Fluorescence and molecular dynamics study of the internal motion of the buried tryptophan in bacteriophage T4 lysozyme: Effects of temperature and alteration of nonbonded networks

Abstract

Results from time-resolved polarization studies of tryptophan emission in bacteriophage T4 lysozyme variants are compared with results from molecular dynamics calculations. Wild-type bacteriophage T4 lysozyme has three tryptophans in environments differing in nonbonded contacts and solvent exposure. The emission spectra of these three tryptophan residues are identical but their internal dynamics are quite distinct. This difference in dynamics is in agreement with the reorientational correlation functions calculated from molecular dynamics trajectories. The most buried tryptophan (W 138) is immobile at 20 °C in the wild-type enzyme but undergoes internal libration at elevated temperatures.
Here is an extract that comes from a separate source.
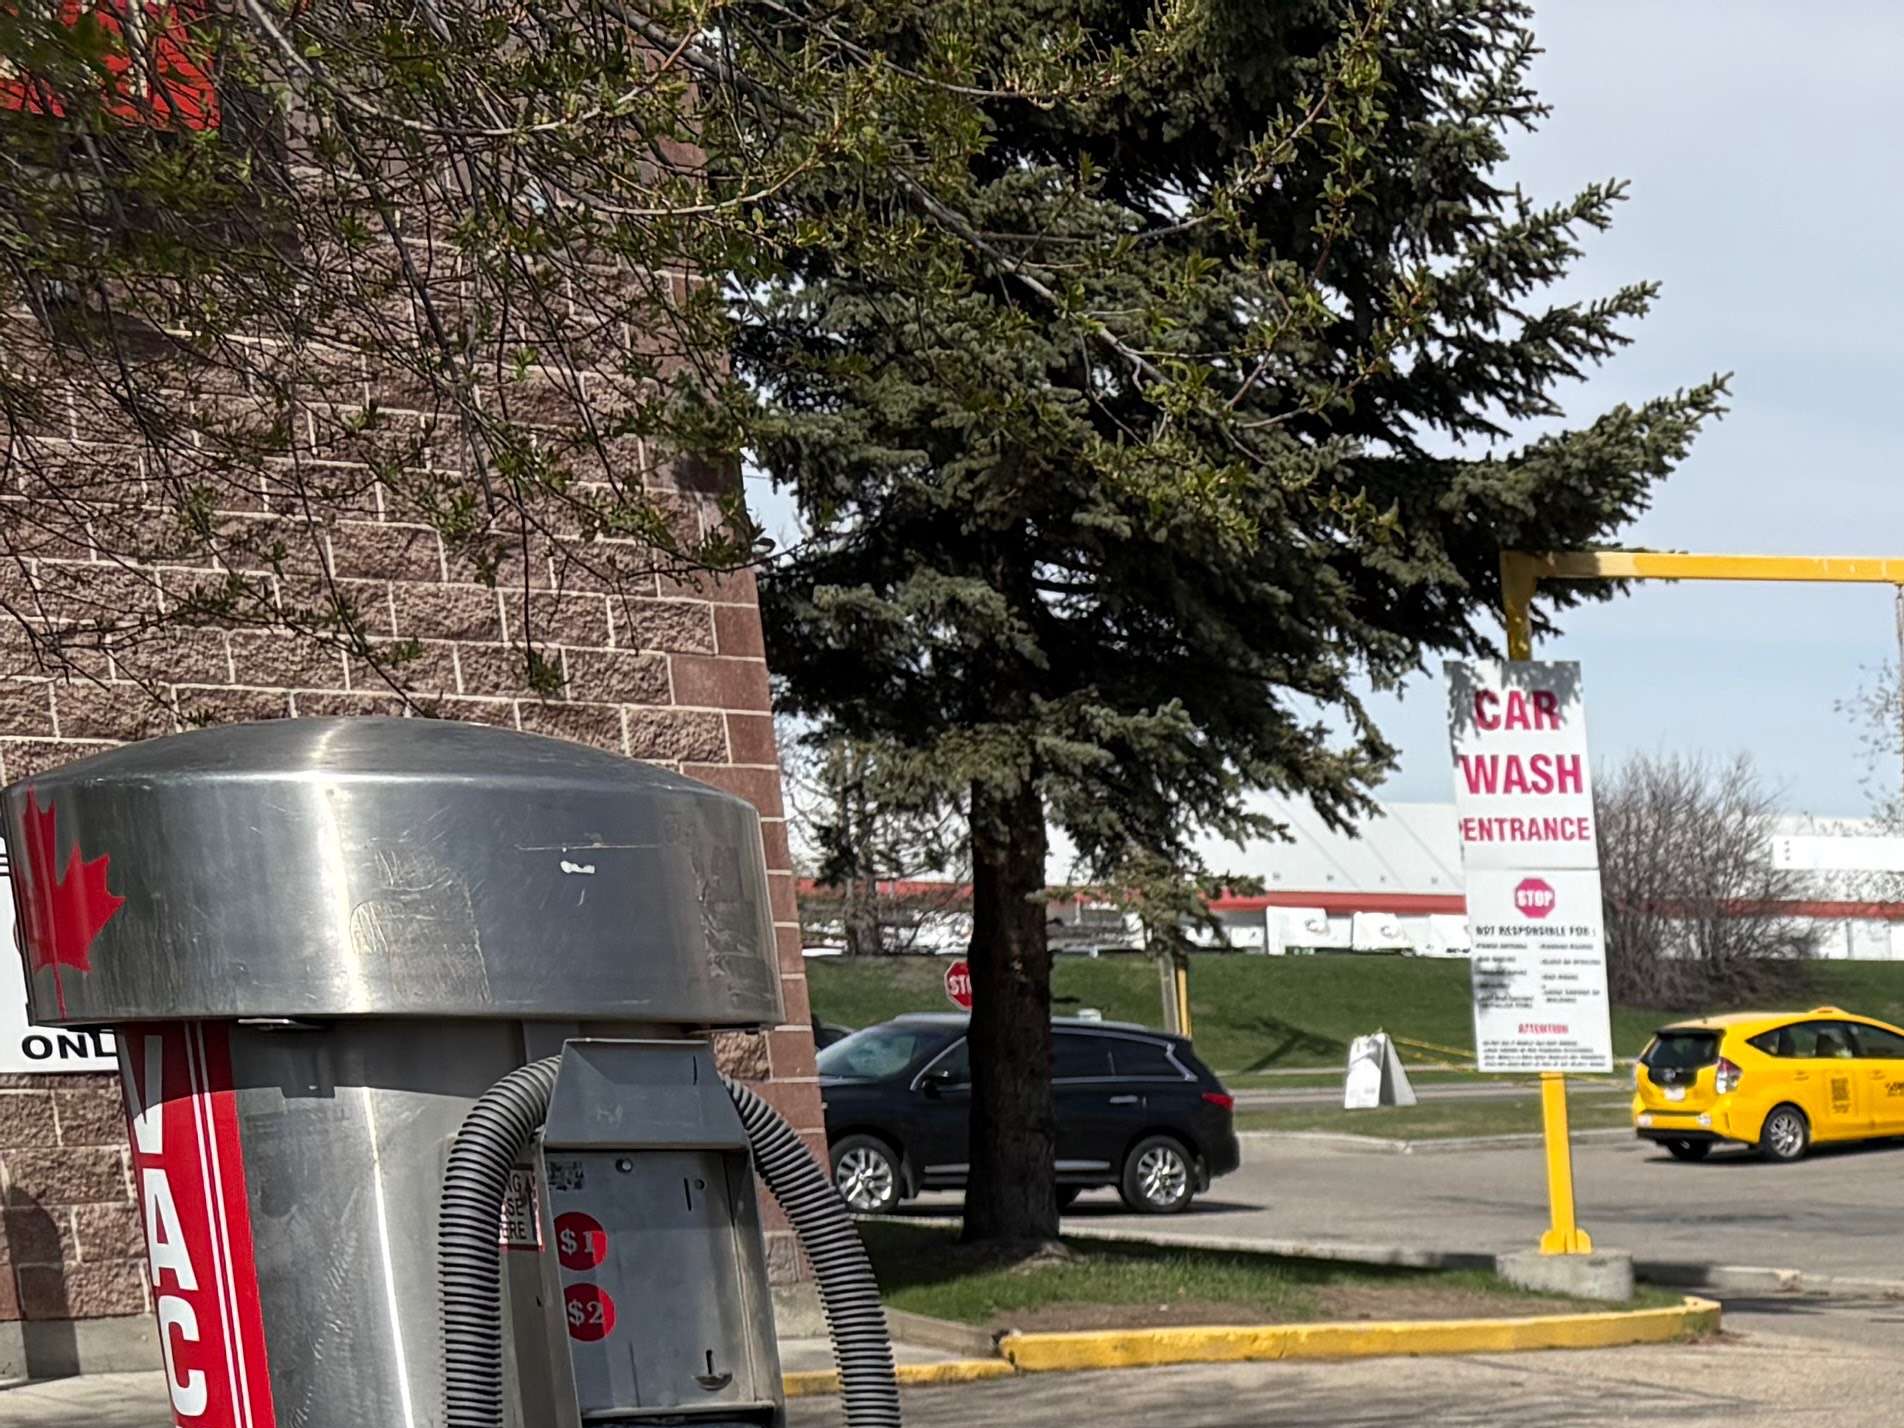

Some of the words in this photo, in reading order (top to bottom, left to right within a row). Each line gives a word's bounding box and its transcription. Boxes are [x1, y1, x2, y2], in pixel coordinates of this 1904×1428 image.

Amino acid substitutions at sequence positions 105 and 146 that alter the nonbonded contacts of this tryptophan result in large amplitude internal motion and redshifted fluorescence emission spectra. The magnitudes of the Stokes shifts for the emission of W138 are well correlated with the rates of trypsin proteolysis of these lysozymes. Addition of a disulfide bridge local to these substitution sites reverses the effects of the substitutions on the tryptophan dynamics and emission spectra. The data suggest that fluctuations responsible for “gating” the internal motion of this buried tryptophan in the native state of the protein also result in transient exposure to solvent. Analyses of molecular dynamics trajectories of lysozyme variants with amino acid substitutions show that perturbations of nonbonded networks found in the wild-type enzyme result in increased local fluctuations, reorientation and solvent exposure of buried residues.